Our online application is fast, secure, and easy.
We ensure a speedy process.
Receive your cash as soon as the next business day.
As a first-time homebuyer or someone looking to invest in a new property, it's crucial to understand the different types of loans available. One common type of loan is a fixed conforming loan, which is a popular choice for many borrowers. In this article, we'll take a closer look at what a fixed conforming loan is, its benefits, and how to qualify for one.
A fixed conforming loan is a mortgage that conforms to the guidelines set by Fannie Mae and Freddie Mac, two government-sponsored entities that primarily buy conventional mortgages from banks and other lenders. The term conforming refers to the loan conforming to Fannie Mae and Freddie Mac's underwriting guidelines. A fixed conforming loan means the interest rate will remain the same throughout the loan term irrespective of any changes in the market.

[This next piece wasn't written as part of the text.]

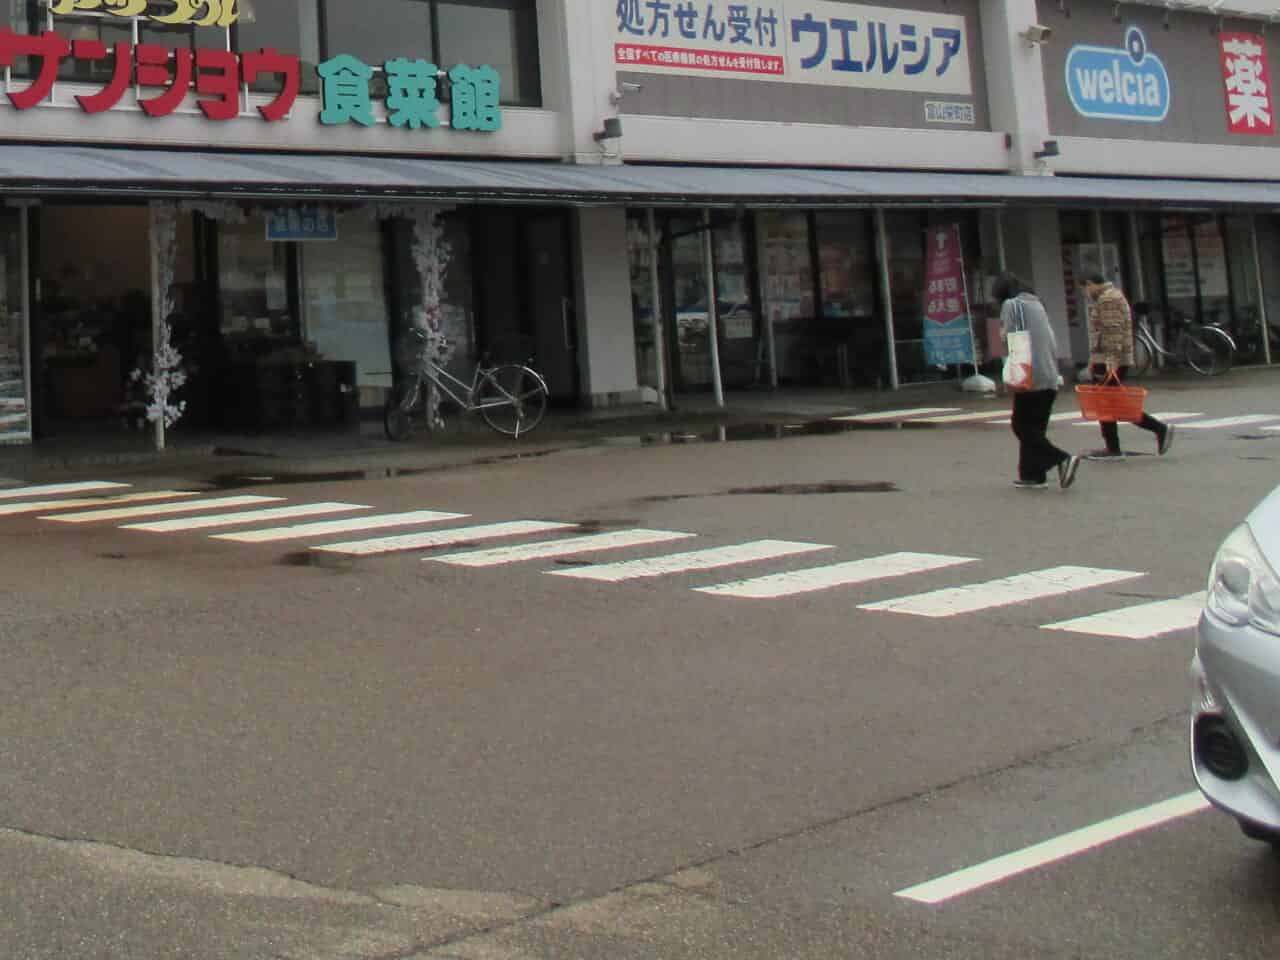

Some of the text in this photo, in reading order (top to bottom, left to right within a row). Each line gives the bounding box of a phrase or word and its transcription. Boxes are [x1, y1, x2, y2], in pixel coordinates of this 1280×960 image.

[790, 12, 962, 77] ウエルシア
[318, 53, 503, 132] 食菜館
[1075, 58, 1161, 108] welcia
[1222, 37, 1272, 128] 薬

There are several advantages of getting a fixed conforming loan, including:
To qualify for a fixed conforming loan, you need to meet specific criteria such as:
If you're interested in getting a fixed conforming loan, you should start by comparing different lenders' rates and terms to find the best fit for your situation. You can also work with a mortgage broker who can help you find the best loan and help you navigate the application process.
In conclusion, a fixed conforming loan is a reliable option for borrowers who want to buy a home or invest in a property. Its predictability and lower interest rates make it a popular option for many borrowers. However, before applying for a fixed conforming loan, ensure you meet the eligibility requirements and fully understand the terms and conditions of the loan.